Extracted records>
=== Section Start ===

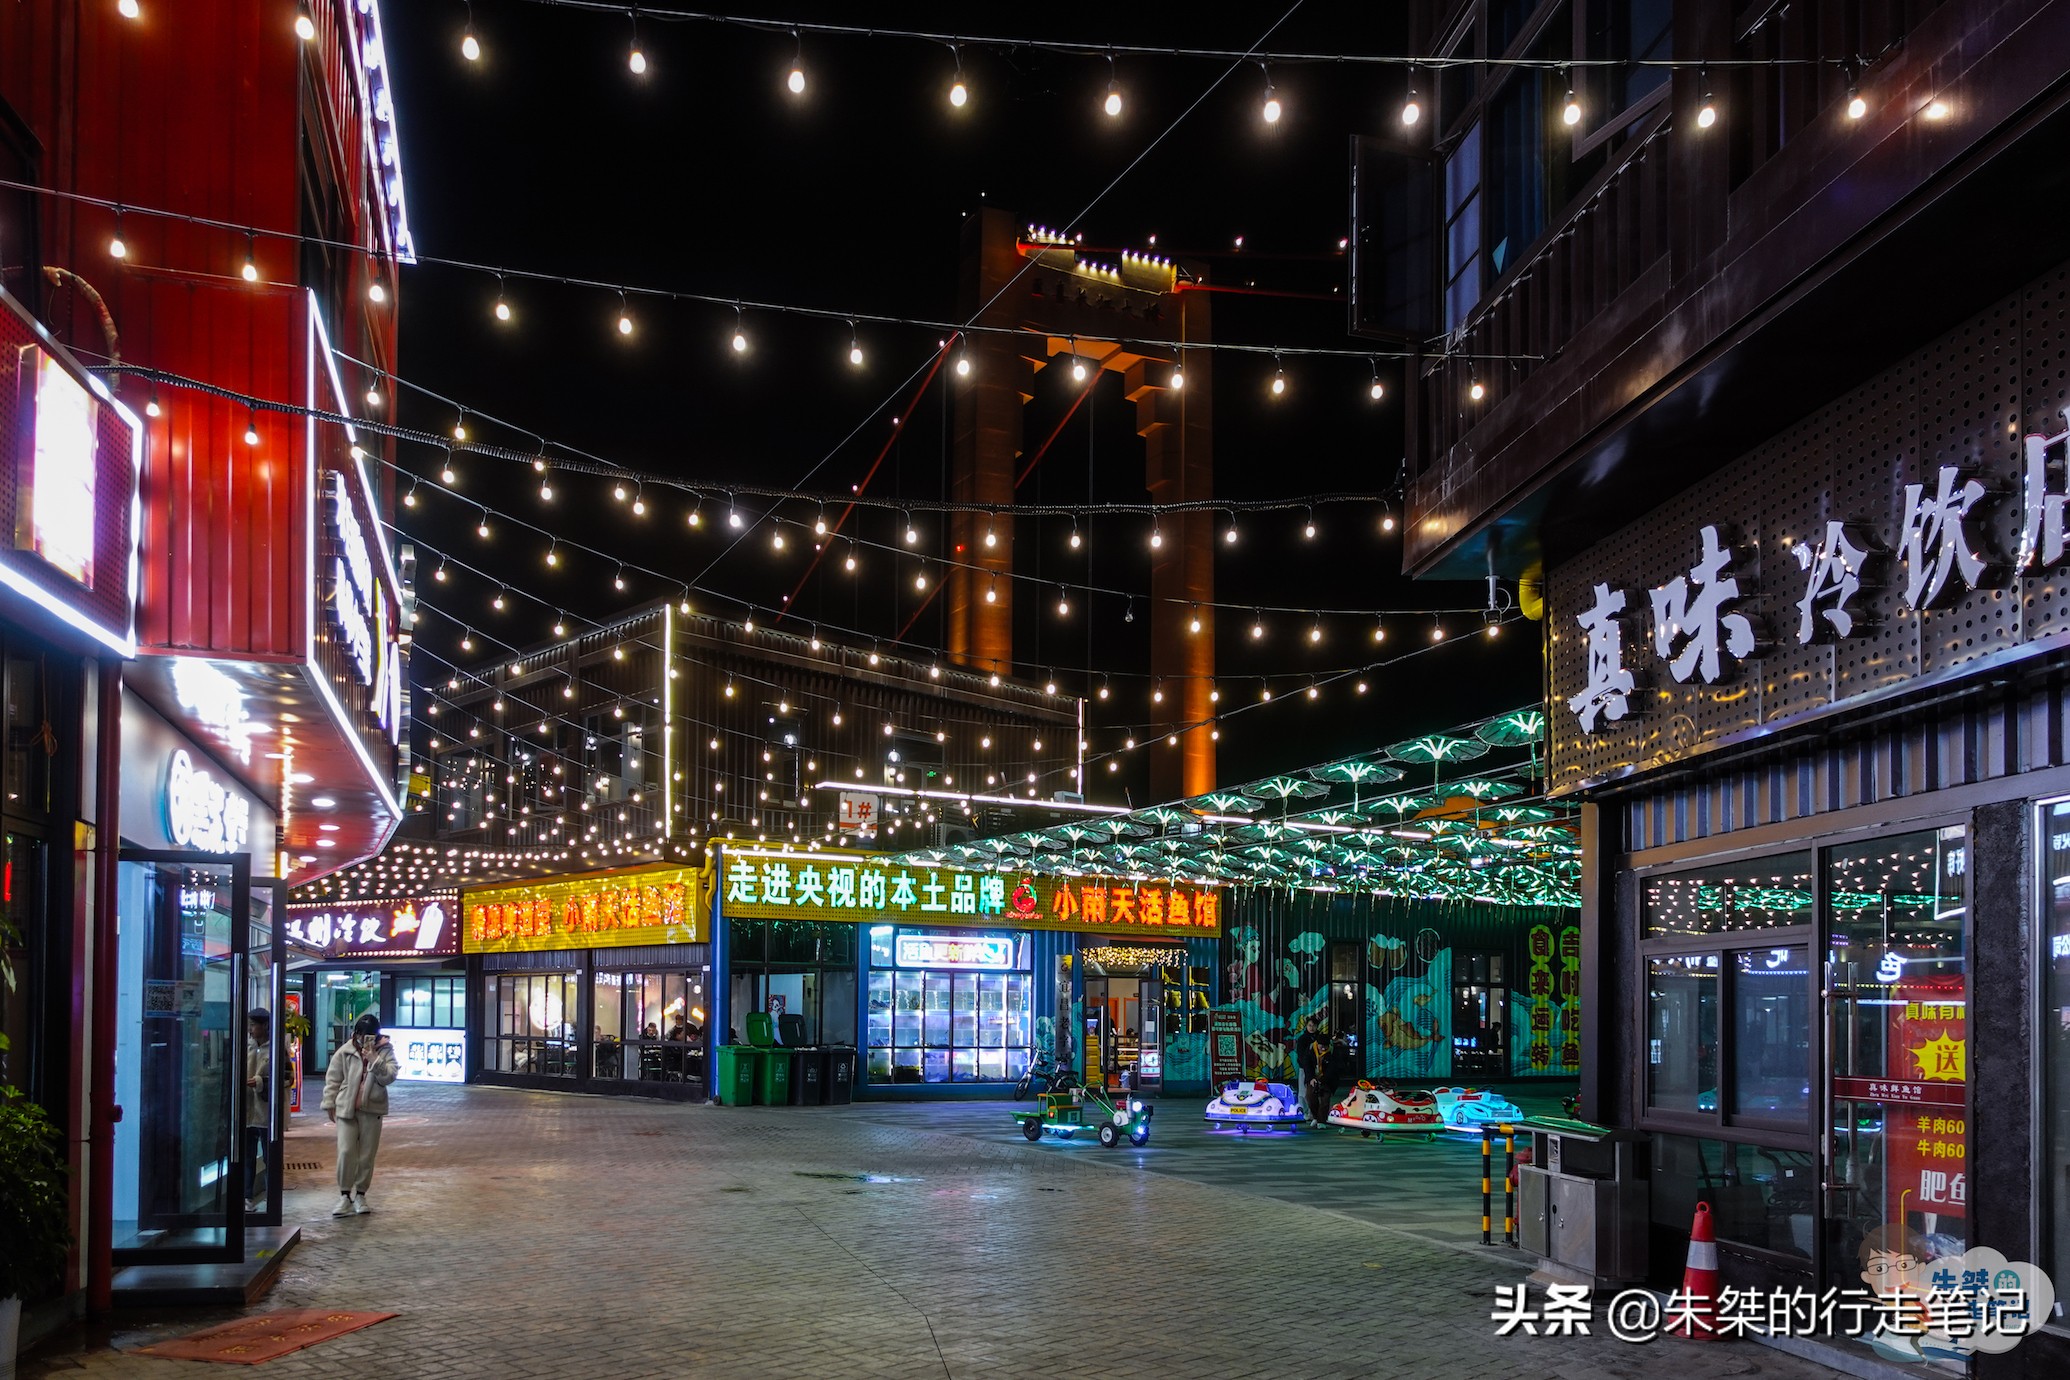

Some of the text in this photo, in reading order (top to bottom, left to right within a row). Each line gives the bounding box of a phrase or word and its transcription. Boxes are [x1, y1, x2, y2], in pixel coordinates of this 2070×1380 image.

[727, 861, 1006, 914] 走进央视的本土品牌
[1052, 883, 1218, 928] 小雨天活鱼馆
[1935, 1044, 1960, 1074] 送
[1868, 1082, 1922, 1095] 真味鲜鱼馆
[1916, 1115, 1966, 1135] 羊肉60
[1916, 1138, 1966, 1159] 牛肉60

=== Section End ===

Task instructions> Copy every line above exactly; images stay out.

Your solution>
Some of the text in this photo, in reading order (top to bottom, left to right within a row). Each line gives the bounding box of a phrase or word and its transcription. Boxes are [x1, y1, x2, y2], in pixel coordinates of this 2070×1380 image.

[727, 861, 1006, 914] 走进央视的本土品牌
[1052, 883, 1218, 928] 小雨天活鱼馆
[1935, 1044, 1960, 1074] 送
[1868, 1082, 1922, 1095] 真味鲜鱼馆
[1916, 1115, 1966, 1135] 羊肉60
[1916, 1138, 1966, 1159] 牛肉60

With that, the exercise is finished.